Since my conversion, I’ve heard the expression “offer it up,” however, as many times as I say I need to look it up or find out more about it, I’ve never gotten around to it. A few nights after the pains started interfering with my sleep, I was lying in bed, starting to feel like sleep was impossible. As my legs ached, I worried about my health; as I worried about my health, I couldn’t sleep; the longer I couldn’t sleep, the more I worried about that and the prospect of facing a workday on little to no sleep….my blood pressure soared and my legs ached harder. I kept going around in circles until I was on the verge of a panic attack. Suddenly, a thought came to mind: You need to offer it up!
“Lord!” I said, “I don’t really understand what that means, but I want to give You this pain and this worry!” I thought of a couple I know who are militant atheists. I thought of my sins. I struggled to find the words to say. I thought of a simple prayer I saw on a blog, The Jesus Prayer. “Lord Jesus Christ, son of God, have mercy on me, a sinner.” I said the prayer. Then again. And again. Then something unexpected happened.
I was laying there asking for just enough comfort to doze off. I certainly wasn’t asking for a lesson in the true nature of faith. However, as I prayed, I realized I was hoping for comfort. I asked Jesus to come to my side and I hoped He would come. The message came to me as plain as day: Faith does not hope God will come to our aid, faith knows that He will.
In that moment, I held on to the faith that God would come to my aid and prayed The Jesus Prayer over and over again. Within just a few minutes, I dropped off to sleep. Since then, my nights have been easier. When the pain troubles me too much, doing a few recitations of The Jesus Prayer soothes me to sleep straight away.

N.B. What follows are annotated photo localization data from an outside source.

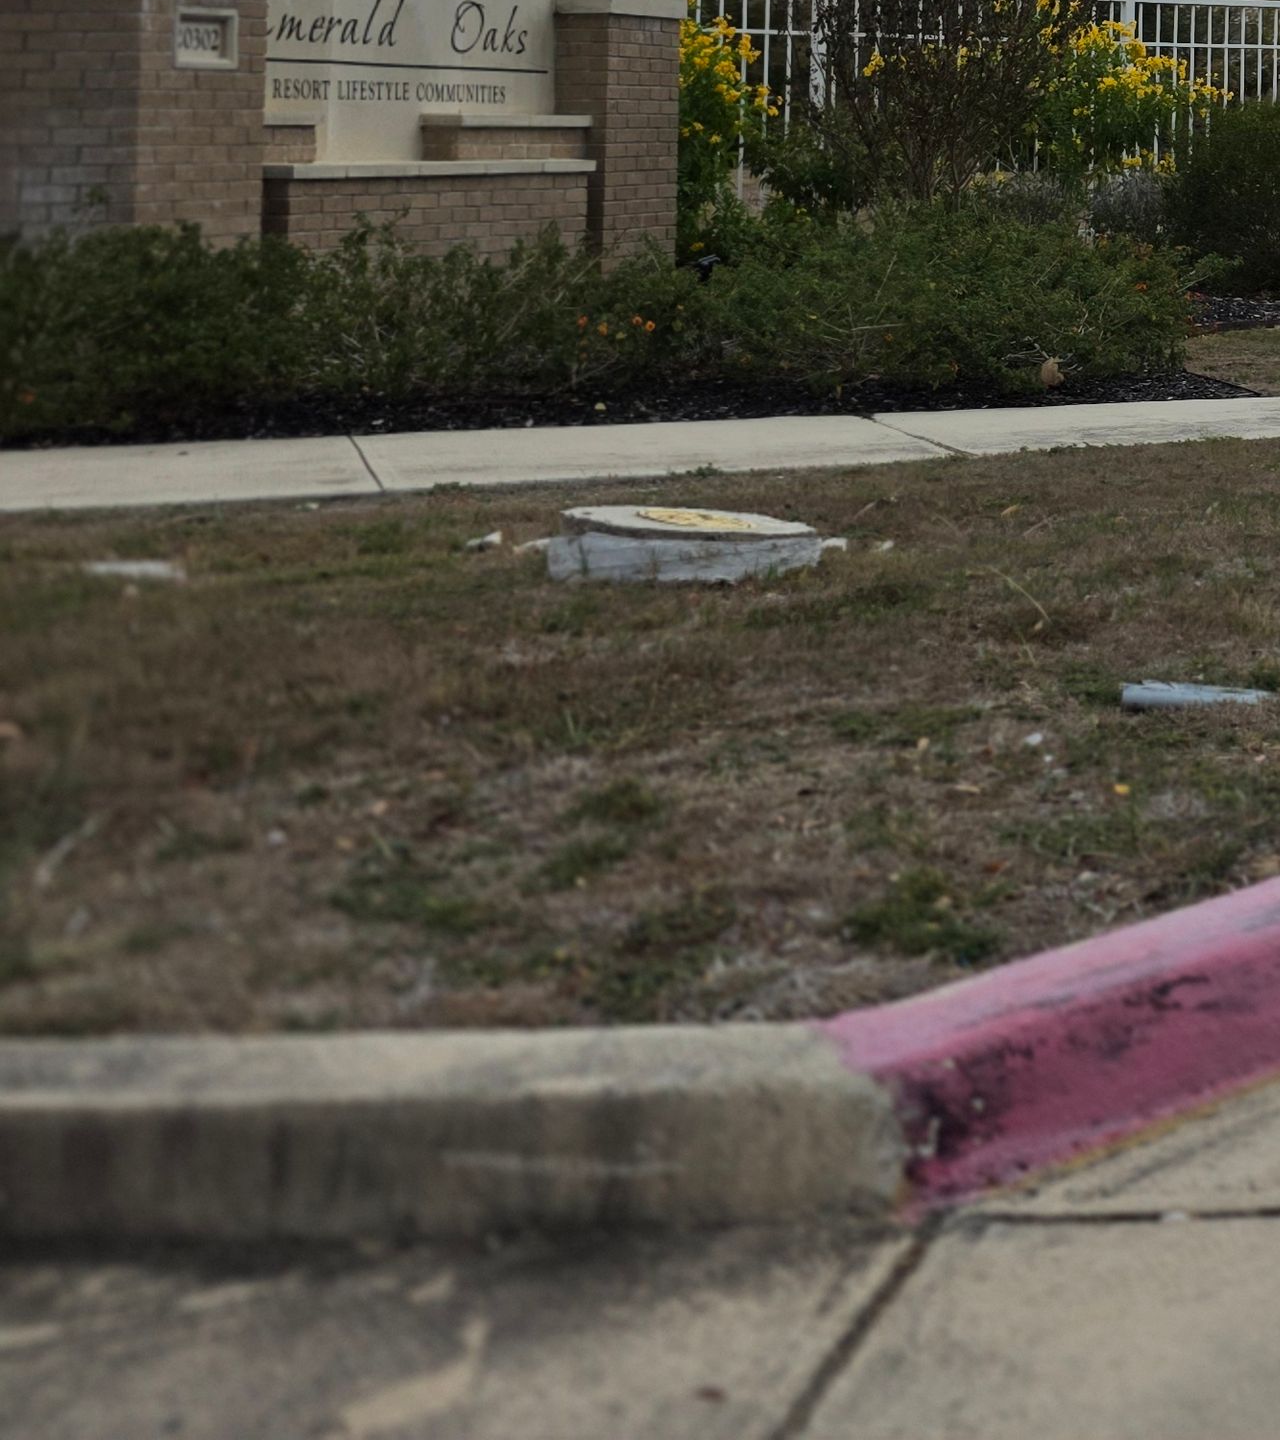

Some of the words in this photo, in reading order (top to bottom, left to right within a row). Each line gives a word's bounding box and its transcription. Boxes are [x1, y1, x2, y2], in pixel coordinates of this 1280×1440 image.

[450, 0, 529, 55] Oaks
[272, 77, 331, 101] RESORT
[337, 79, 410, 102] LIFESTYLE
[416, 81, 506, 105] COMMUNITIES
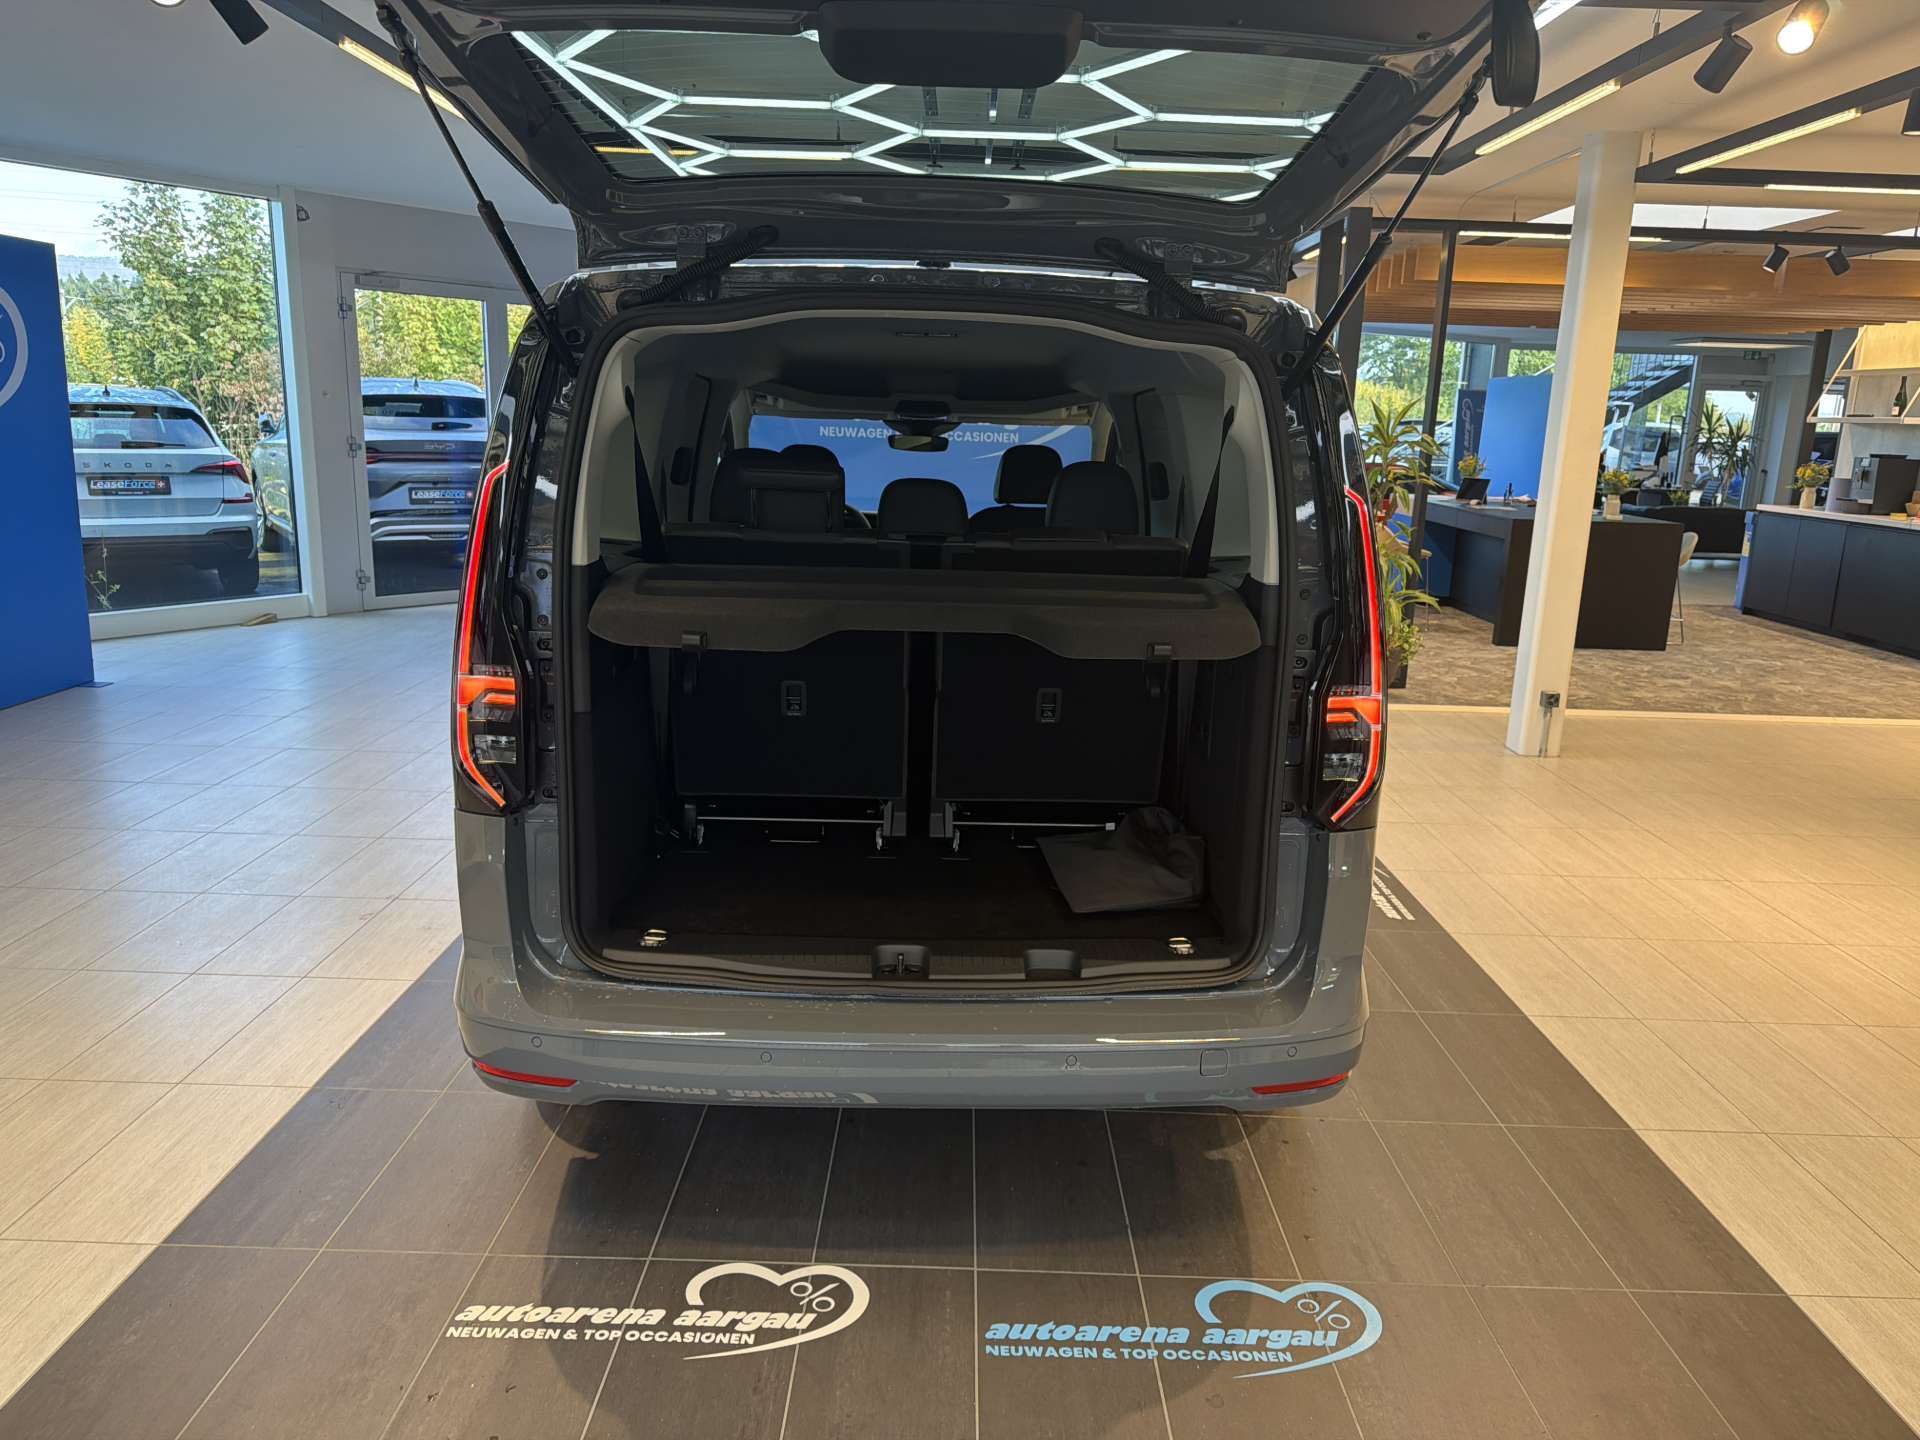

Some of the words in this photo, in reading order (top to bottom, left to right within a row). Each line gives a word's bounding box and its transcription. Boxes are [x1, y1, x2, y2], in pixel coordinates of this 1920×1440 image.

[90, 480, 155, 489] LeaseForce
[454, 1302, 667, 1326] autoarena
[672, 1309, 818, 1332] aargau
[445, 1326, 561, 1340] NEUWAGEN
[562, 1329, 579, 1341] &
[583, 1329, 622, 1341] TOP
[624, 1330, 756, 1345] OCCASIONEN
[984, 1320, 1191, 1344] autoarena
[1202, 1327, 1339, 1350] aargau
[985, 1344, 1099, 1359] NEUWAGEN
[1101, 1347, 1118, 1360] &
[1119, 1348, 1159, 1360] TOP
[1162, 1349, 1293, 1363] OCCASIONEN
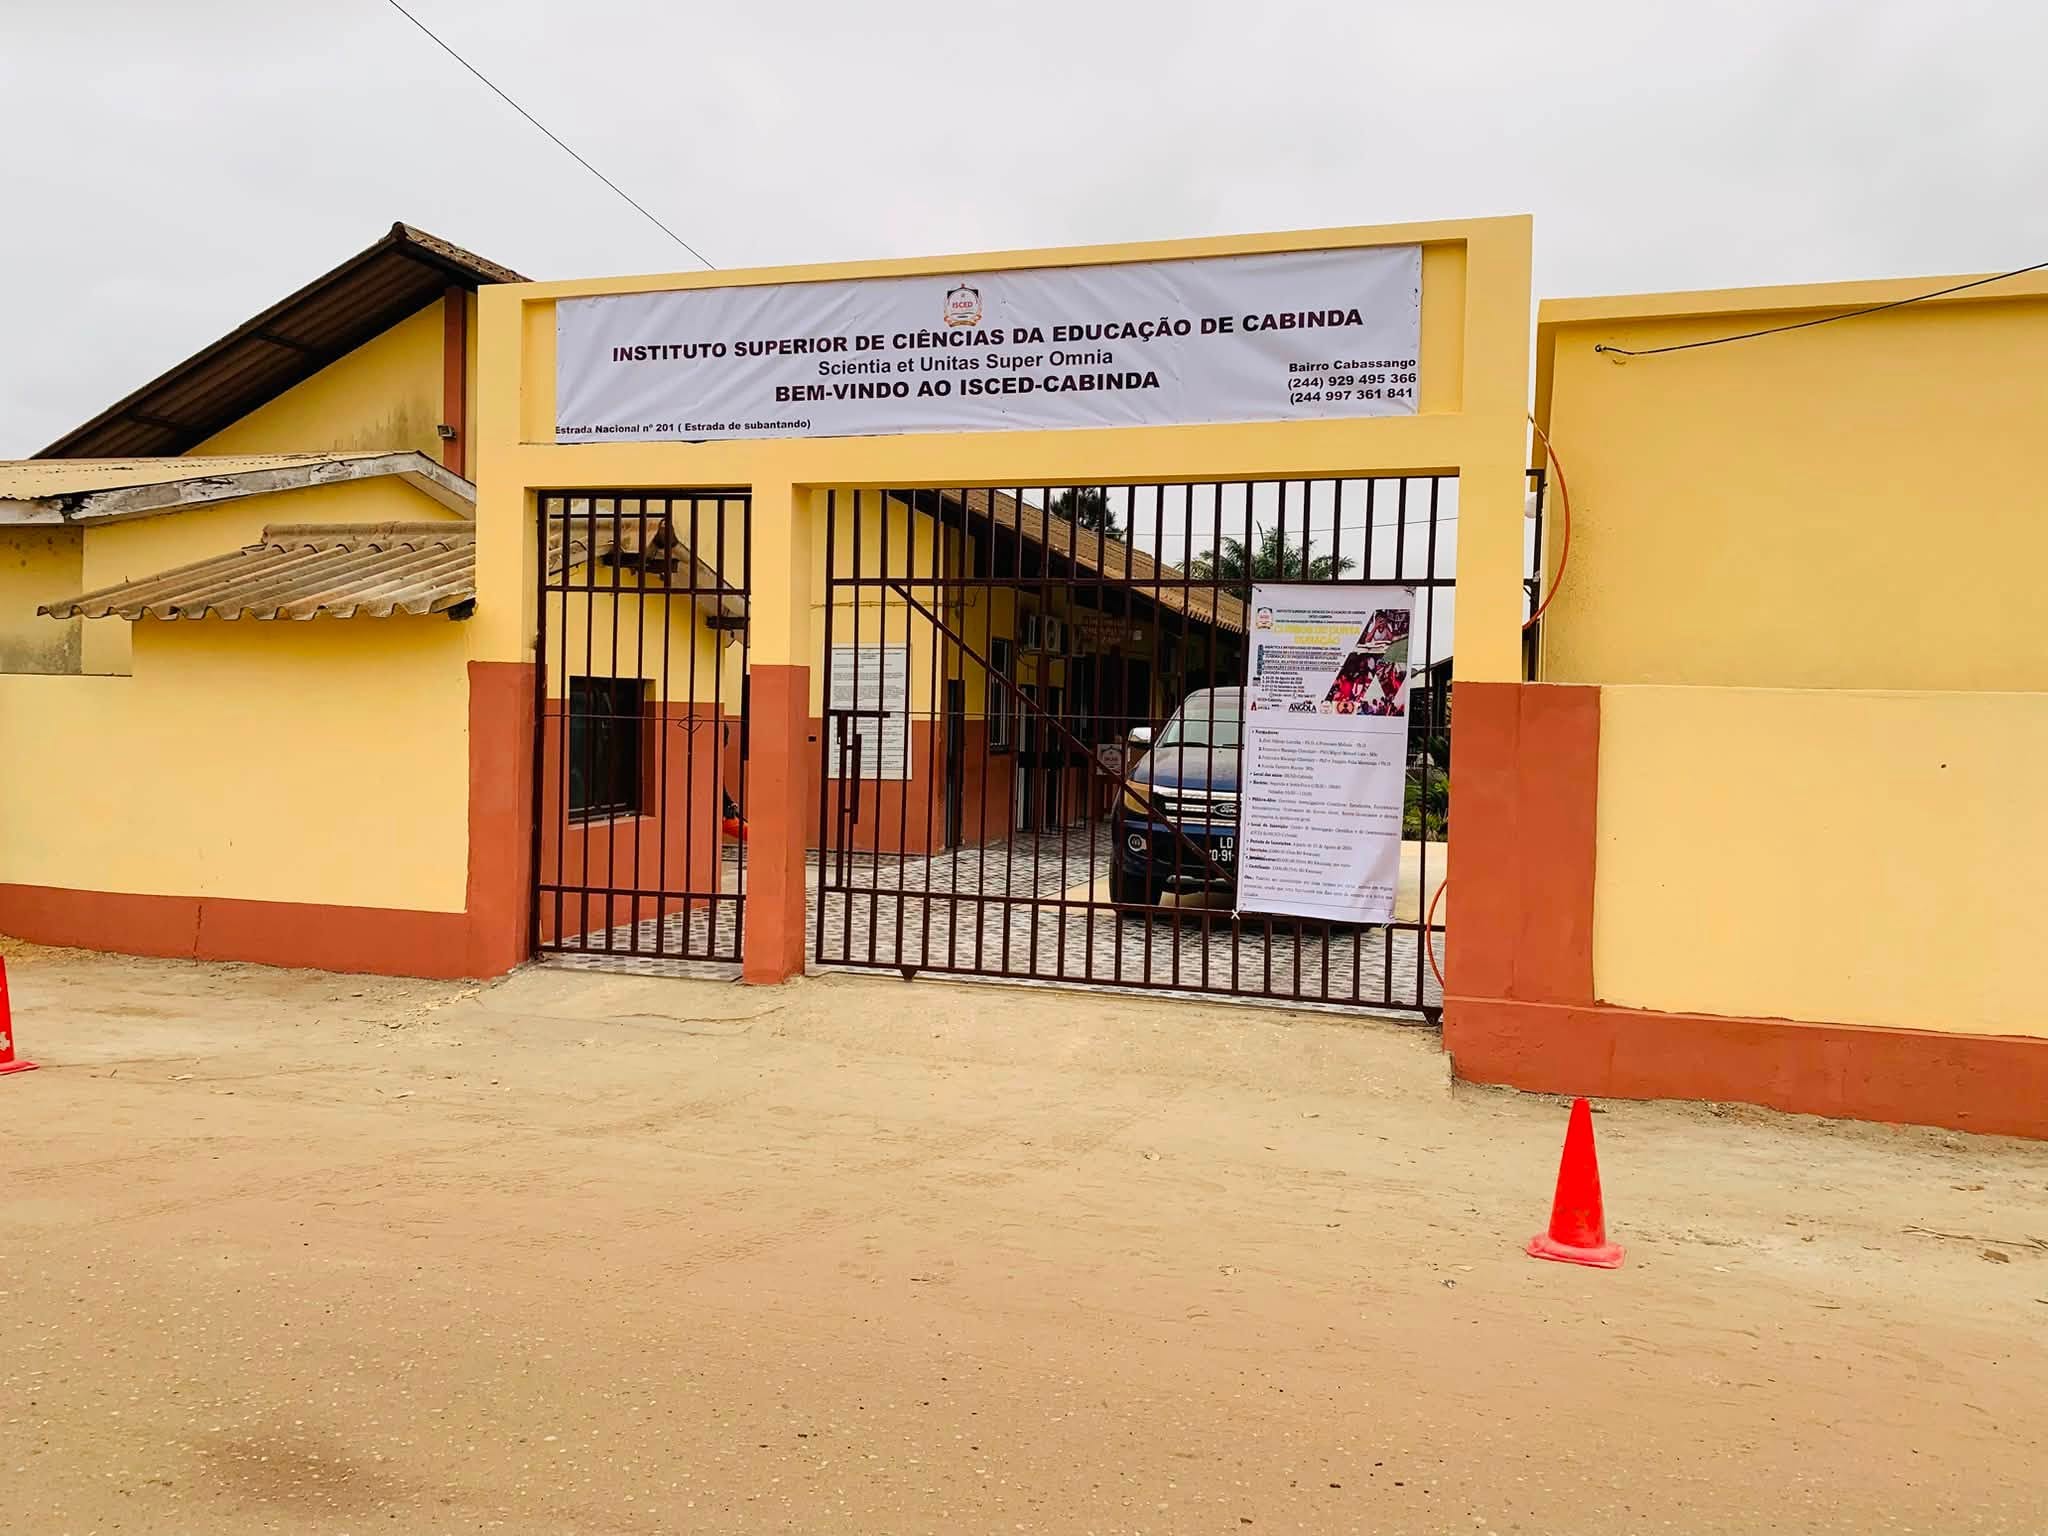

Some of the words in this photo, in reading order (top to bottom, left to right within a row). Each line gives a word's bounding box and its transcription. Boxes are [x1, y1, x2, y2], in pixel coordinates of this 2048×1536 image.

[952, 301, 973, 309] ISCED
[612, 342, 727, 362] INSTITUTO
[734, 336, 848, 357] SUPERIOR
[855, 335, 885, 351] DE
[892, 328, 1004, 350] CIÊNCIAS
[1012, 327, 1044, 344] DA
[1052, 317, 1191, 342] EDUCAÇÃO
[1200, 316, 1234, 334] DE
[1242, 309, 1363, 332] CABINDA
[818, 358, 891, 376] Scientia
[896, 358, 914, 373] et
[921, 355, 980, 372] Unitas
[986, 353, 1043, 372] Super
[1049, 350, 1113, 367] Omnia
[1289, 362, 1329, 372] Bairro
[1334, 359, 1416, 370] Cabassango
[775, 382, 910, 402] BEM-VINDO
[917, 379, 951, 397] AO
[960, 371, 1160, 396] ISCED-CABINDA
[1288, 377, 1324, 390] (244)
[1328, 375, 1354, 386] 929
[1358, 374, 1385, 385] 495
[1390, 373, 1417, 384] 366
[1290, 391, 1321, 405] (244
[1325, 390, 1352, 401] 997
[1356, 389, 1382, 400] 361
[1387, 387, 1413, 398] 841
[555, 426, 592, 435] Estrada
[595, 424, 640, 433] Nacional
[656, 423, 675, 433] 201
[685, 422, 726, 432] Estrada
[728, 421, 741, 431] de
[744, 419, 811, 431] subantando)

So what is The Jesus Prayer?
The Jesus Prayer is a prayer used widely in the Eastern Orthodox Church, and is featured prominently in the book The Way of a Pilgrim. The prayer has scriptural roots in Luke 18:11-13:
The Pharisee standing, prayed thus with himself: O God, I give thee thanks that I am not as the rest of men, extortioners, unjust, adulterers, as also is this publican. I fast twice in a week: I give tithes of all that I possess. And the publican, standing afar off, would not so much as lift up his eyes towards heaven; but struck his breast, saying: O God, be merciful to me a sinner.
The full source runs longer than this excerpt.